### EXERCISE GOAL:
Print every entry below again exactly as written, skipping the pictures.

### Records excerpted from a collection:

·····

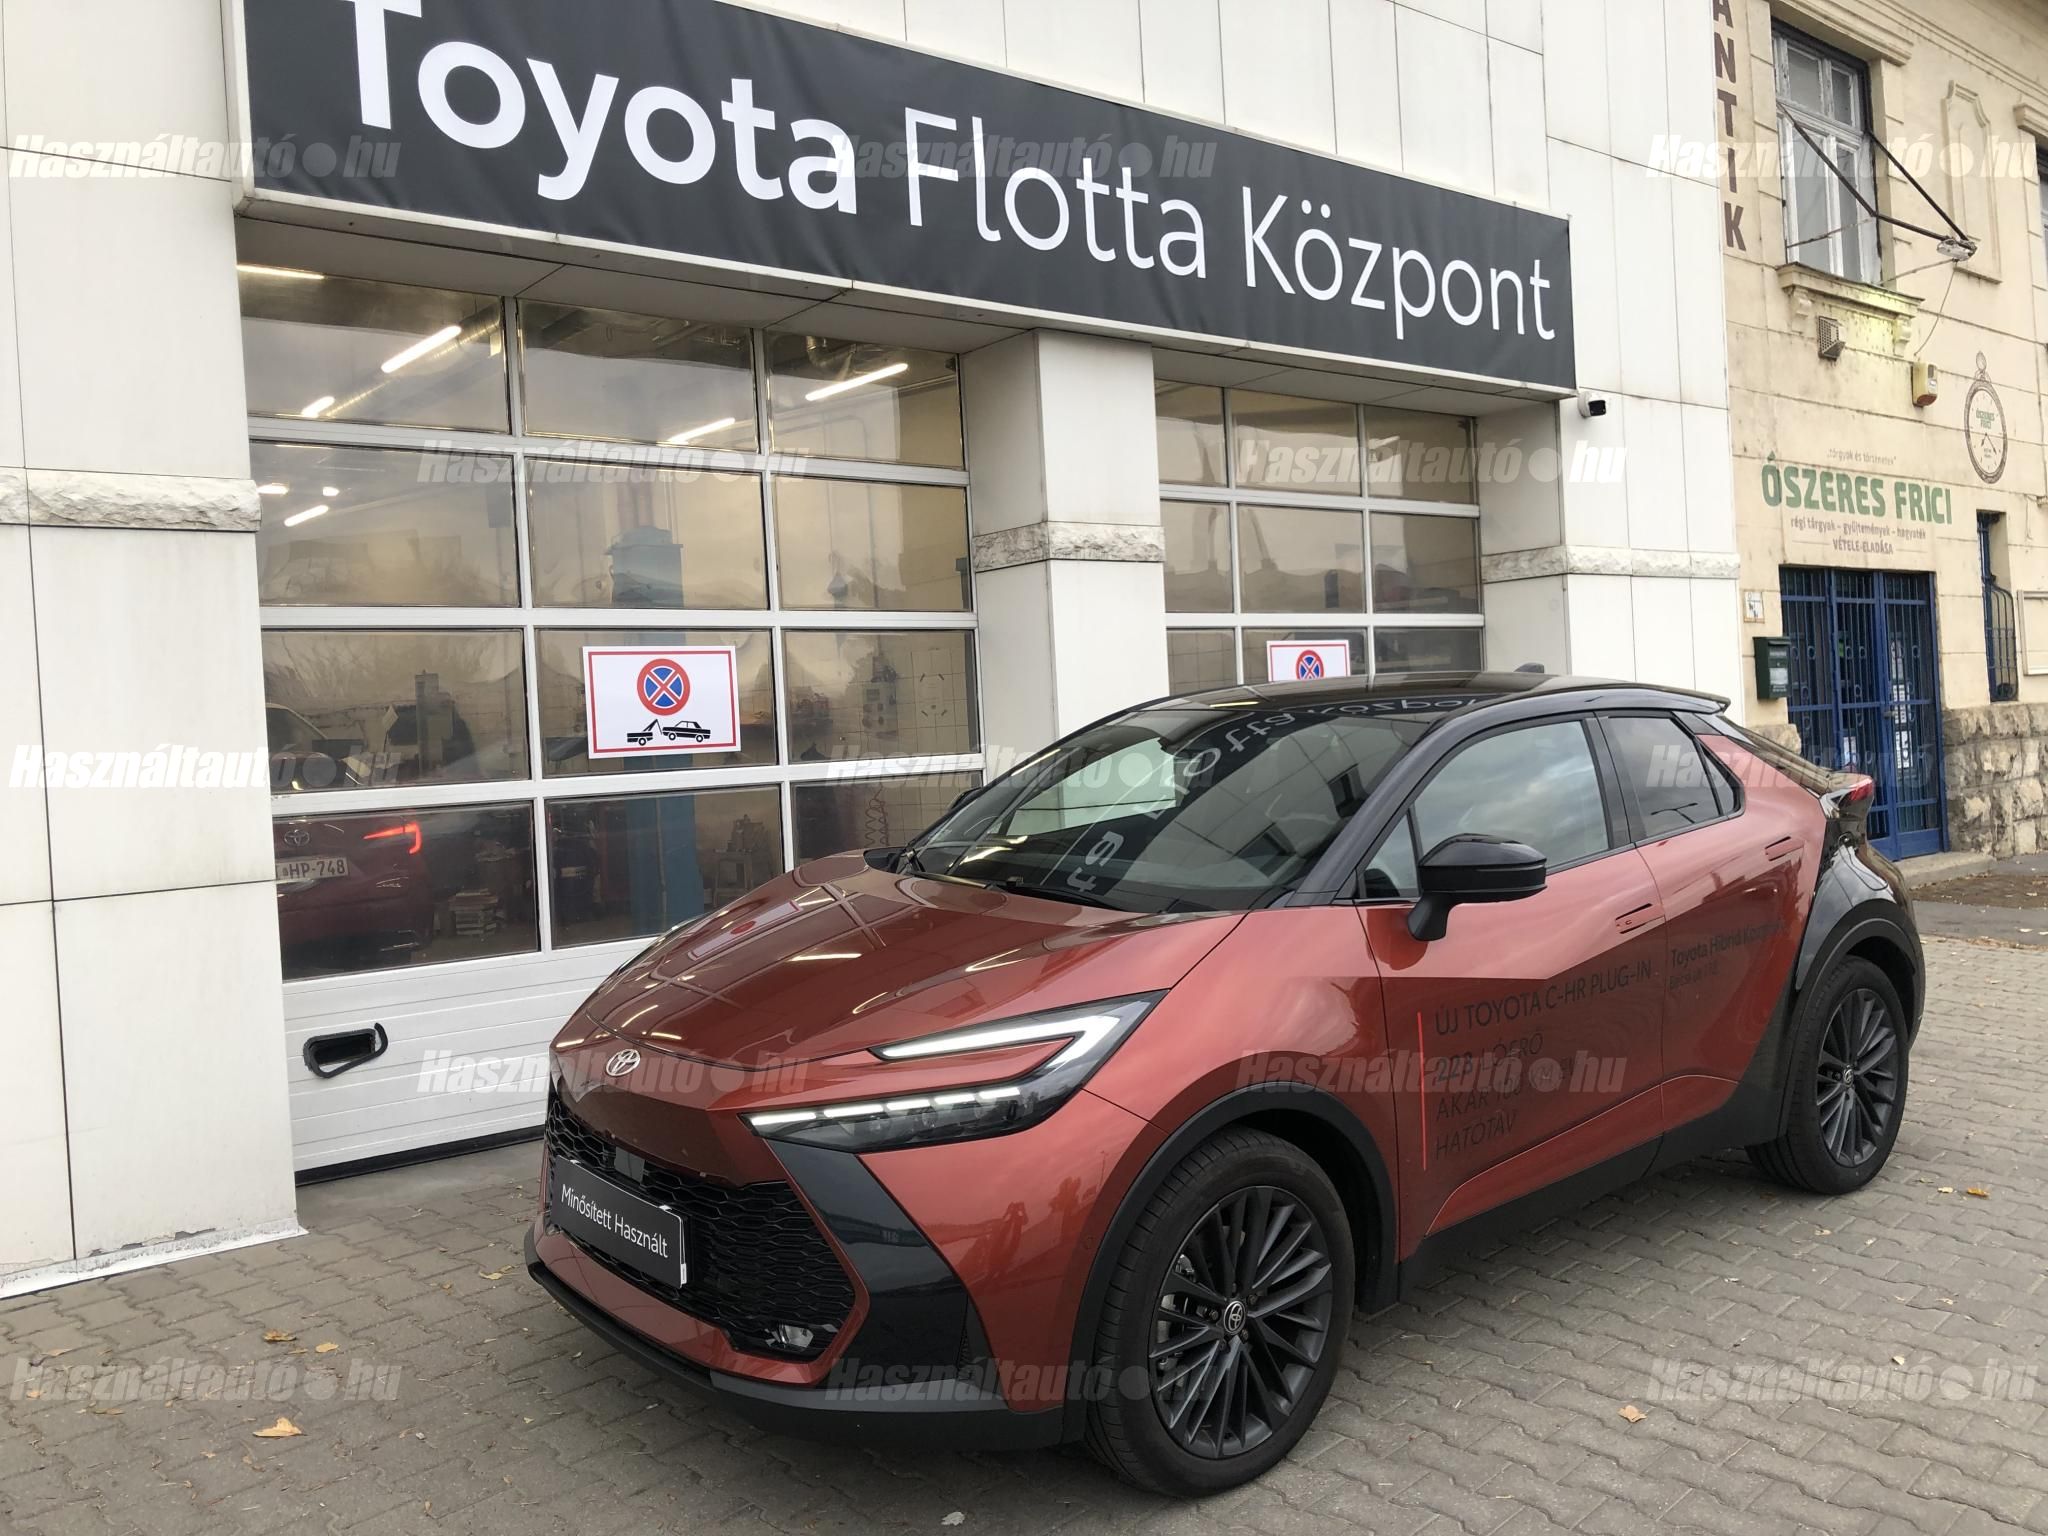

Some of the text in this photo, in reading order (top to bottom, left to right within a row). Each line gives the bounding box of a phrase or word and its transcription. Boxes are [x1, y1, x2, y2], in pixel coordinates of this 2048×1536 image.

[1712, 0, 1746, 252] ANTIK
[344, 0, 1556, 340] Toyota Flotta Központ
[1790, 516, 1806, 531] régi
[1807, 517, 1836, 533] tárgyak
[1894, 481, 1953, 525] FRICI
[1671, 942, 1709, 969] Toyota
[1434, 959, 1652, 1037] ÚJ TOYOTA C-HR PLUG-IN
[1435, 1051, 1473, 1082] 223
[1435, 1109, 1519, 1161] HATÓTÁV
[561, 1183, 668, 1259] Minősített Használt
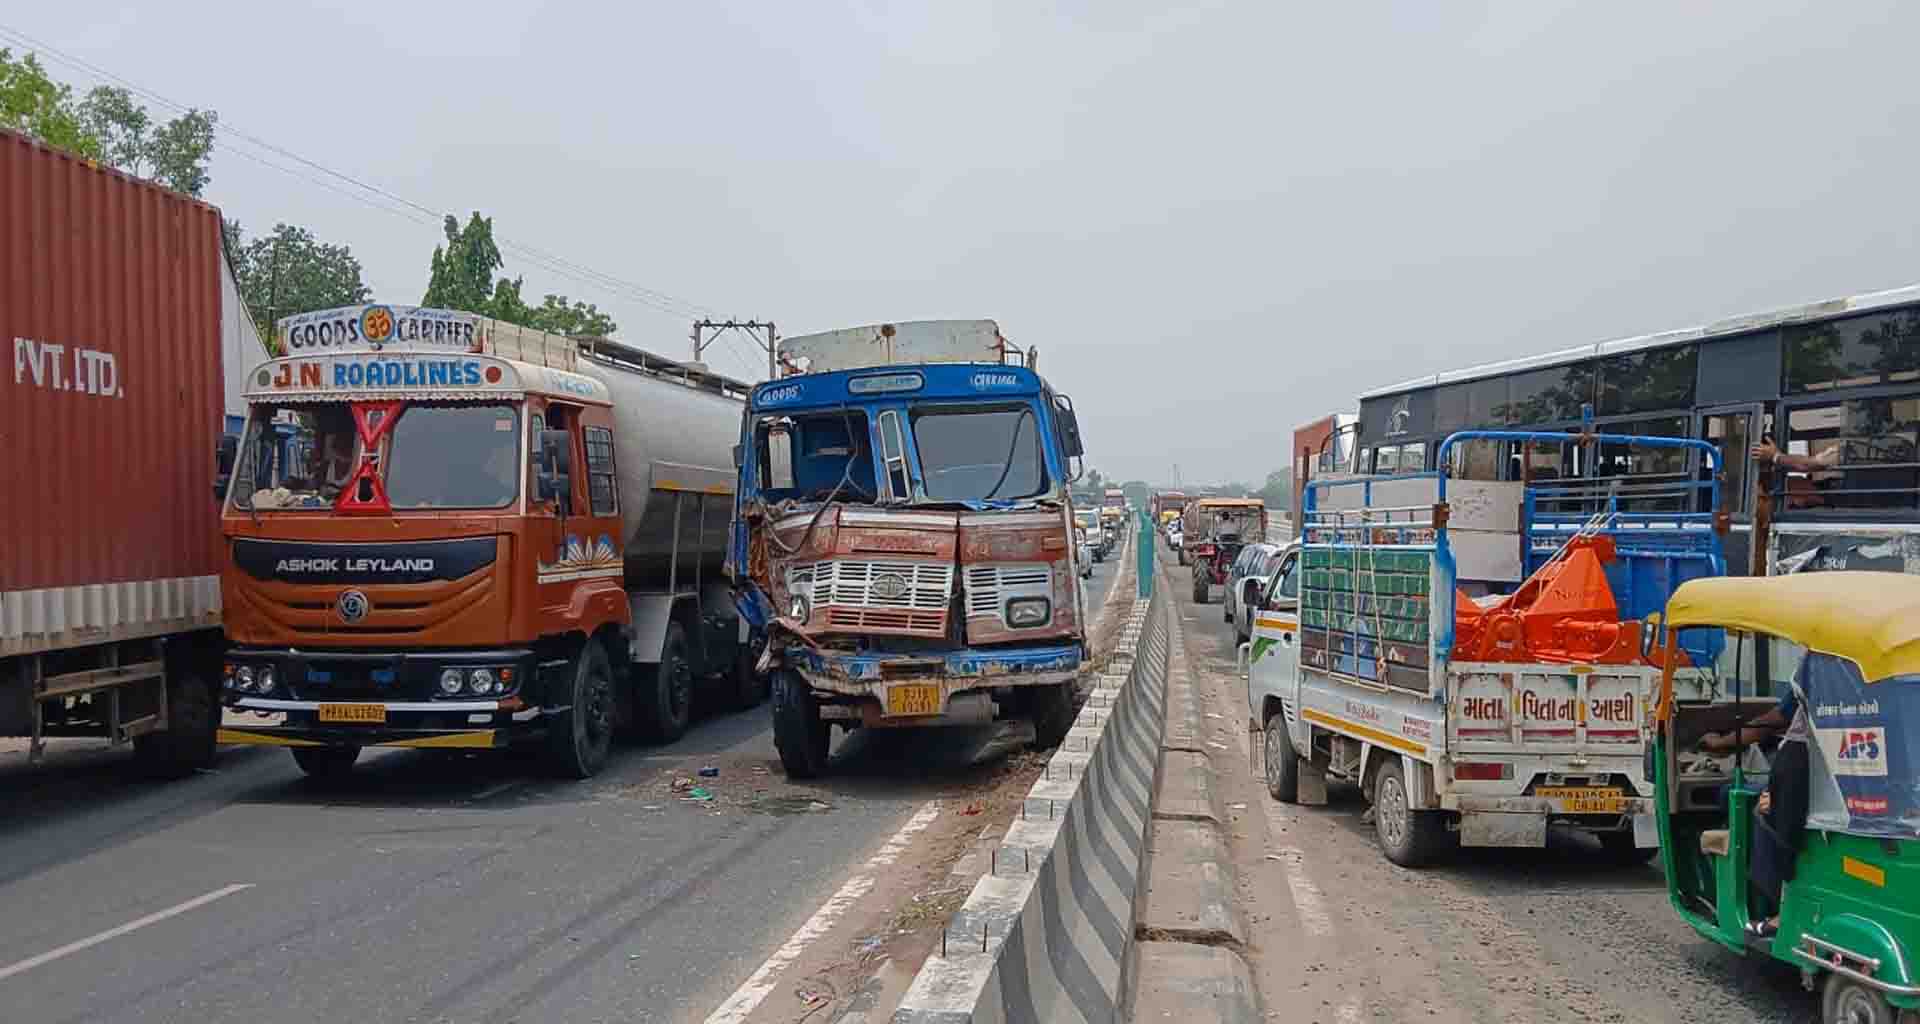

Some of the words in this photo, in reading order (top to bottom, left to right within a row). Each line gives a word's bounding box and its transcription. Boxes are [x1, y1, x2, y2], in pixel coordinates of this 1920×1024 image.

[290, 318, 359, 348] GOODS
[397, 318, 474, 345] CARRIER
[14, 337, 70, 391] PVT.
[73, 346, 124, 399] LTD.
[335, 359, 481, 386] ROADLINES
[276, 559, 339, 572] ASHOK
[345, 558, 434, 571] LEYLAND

·····

### OUTPUT:
Some of the text in this photo, in reading order (top to bottom, left to right within a row). Each line gives the bounding box of a phrase or word and its transcription. Boxes are [x1, y1, x2, y2], in pixel coordinates of this 2048×1536 image.

[1712, 0, 1746, 252] ANTIK
[344, 0, 1556, 340] Toyota Flotta Központ
[1790, 516, 1806, 531] régi
[1807, 517, 1836, 533] tárgyak
[1894, 481, 1953, 525] FRICI
[1671, 942, 1709, 969] Toyota
[1434, 959, 1652, 1037] ÚJ TOYOTA C-HR PLUG-IN
[1435, 1051, 1473, 1082] 223
[1435, 1109, 1519, 1161] HATÓTÁV
[561, 1183, 668, 1259] Minősített Használt

Some of the words in this photo, in reading order (top to bottom, left to right within a row). Each line gives a word's bounding box and its transcription. Boxes are [x1, y1, x2, y2], in pixel coordinates of this 1920×1024 image.

[290, 318, 359, 348] GOODS
[397, 318, 474, 345] CARRIER
[14, 337, 70, 391] PVT.
[73, 346, 124, 399] LTD.
[335, 359, 481, 386] ROADLINES
[276, 559, 339, 572] ASHOK
[345, 558, 434, 571] LEYLAND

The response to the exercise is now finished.